One of the most extraordinary things has been the reaction to the book from the industry. A spokesman from  the Bristish Pharmaceutical Industry issued a rebuttal of the book which was demonstrated primarily that he hadn't actually read it. Goldacre in at least three instances anticipates the industry excuses, and answers them in detail; only for the industry just to trot them out as if they were convincing and final. So for instance, Goldacre details some of the huge fines levied on Glaxo-Smith-Kline in the USA for malpractice. He goes onto show that they are a British based company, whose drugs, practises and personnel involved in the American scandal are involved in, and affect their European operations; arguing that it is no-use for GSK to say in the UK that the American situation was nothing to do with them. So - when they pop and say, "nothing to do with us" they are using an excuse which has not only been anticipated but answered.

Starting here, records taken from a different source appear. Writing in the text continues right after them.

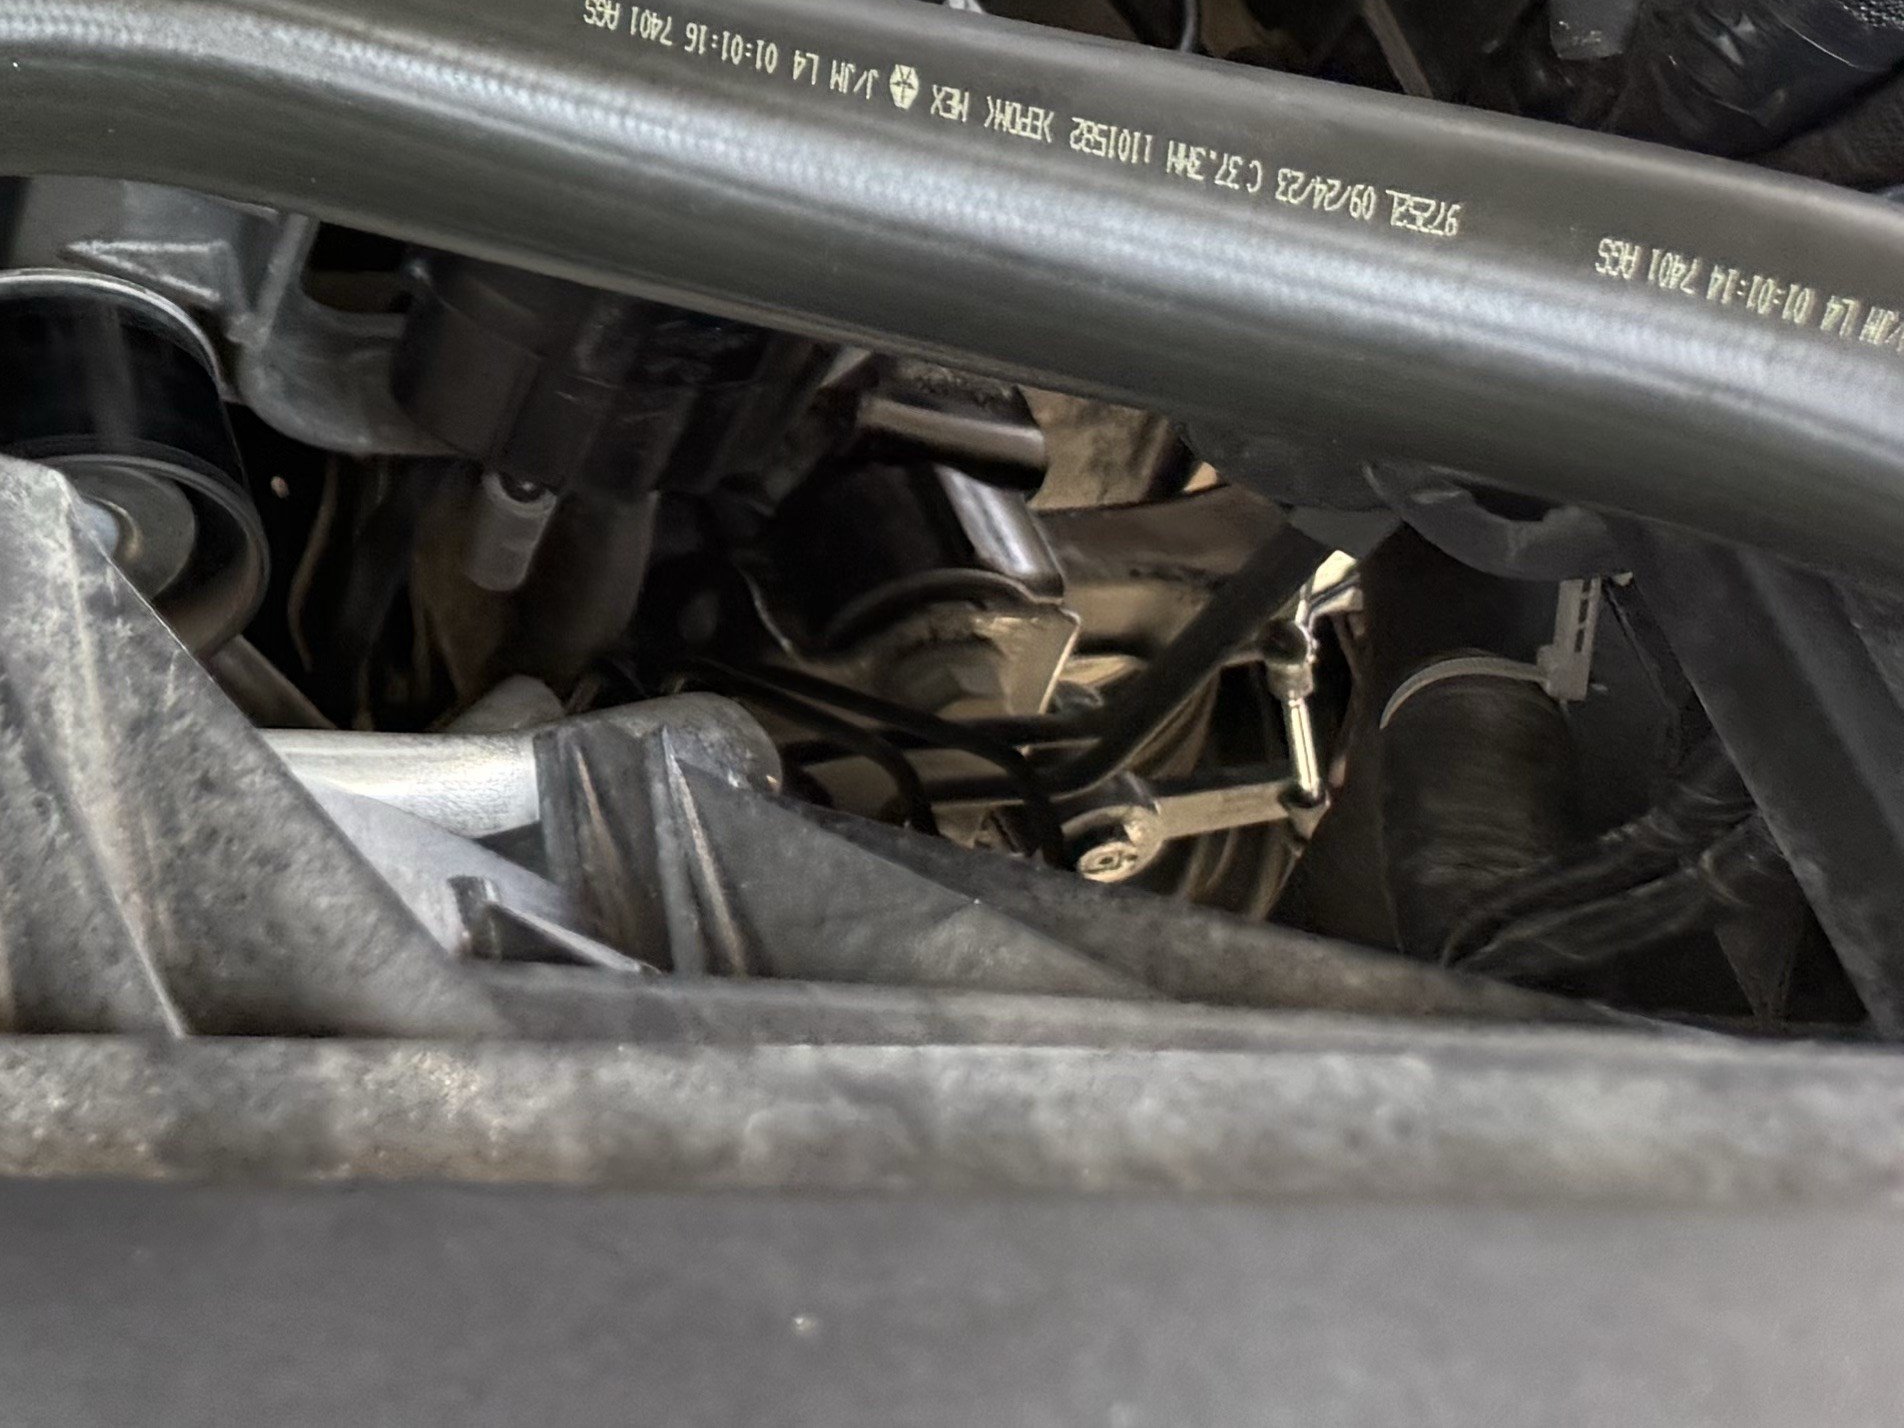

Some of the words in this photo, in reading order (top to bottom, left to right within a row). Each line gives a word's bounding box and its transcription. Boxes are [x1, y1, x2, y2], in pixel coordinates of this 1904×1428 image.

[630, 5, 674, 47] 7401
[685, 20, 778, 71] 01:01:16
[792, 48, 819, 86] L4
[830, 59, 879, 101] J/JM
[930, 83, 970, 123] MEX
[1069, 116, 1154, 165] 1101582
[1275, 167, 1376, 221] 09/24/23
[1593, 237, 1643, 280] AGS
[1646, 247, 1703, 296] 7401
[1706, 263, 1815, 326] 01:01:14
[1819, 294, 1860, 339] L4

It is clear that if even half of what Ben Goldacre has so meticulously documented here is true - then there is a huge scandal as big or bigger than the banking crisis going on all around us every day. This isn't an ideological rant against big-business- this concerns the health and well-being of anyone who takes medicines and whether they can do so with confidence that the chemicals they are putting in their bodies really are the best treatment for them; or whether the choice of what  drug they are taking has actually shaped by selective or mis-information, advertising budgets, dubious education programmes for doctors, all undetected by poor and secretive regulation. Frankly, the pill I have to take every morning for a minor stomach-complaint: to what extent has my long term well-being been in tension with the share-price of its manufacturer, and to what extent has the flow of information from lab to journal to regulator to doctor been distorted by that tension?

Bad Pharma suffers in places from being over-long, and is a little repetitive in places. These flaws should not stop anyone from getting it, and being appalled. Goldacre suggests various responses that should be made, which are directed at researchers, drug companies, doctors, regulators and us patients too. Many of these are no more than robustly enforcing the kind of regulation which has long-been promised but never delivered.  The most urgent call for the public though is to start campaigning for an end to the scandal of missing data. That means, not to promise to details all future trials and publish all results; but to release all the hidden data from the buried trials which skew the systematic reviews of research on which prescribing formularies are based. It seems clear to me that the only way that the industry can prove that it has nothing to hide, is to hide nothing.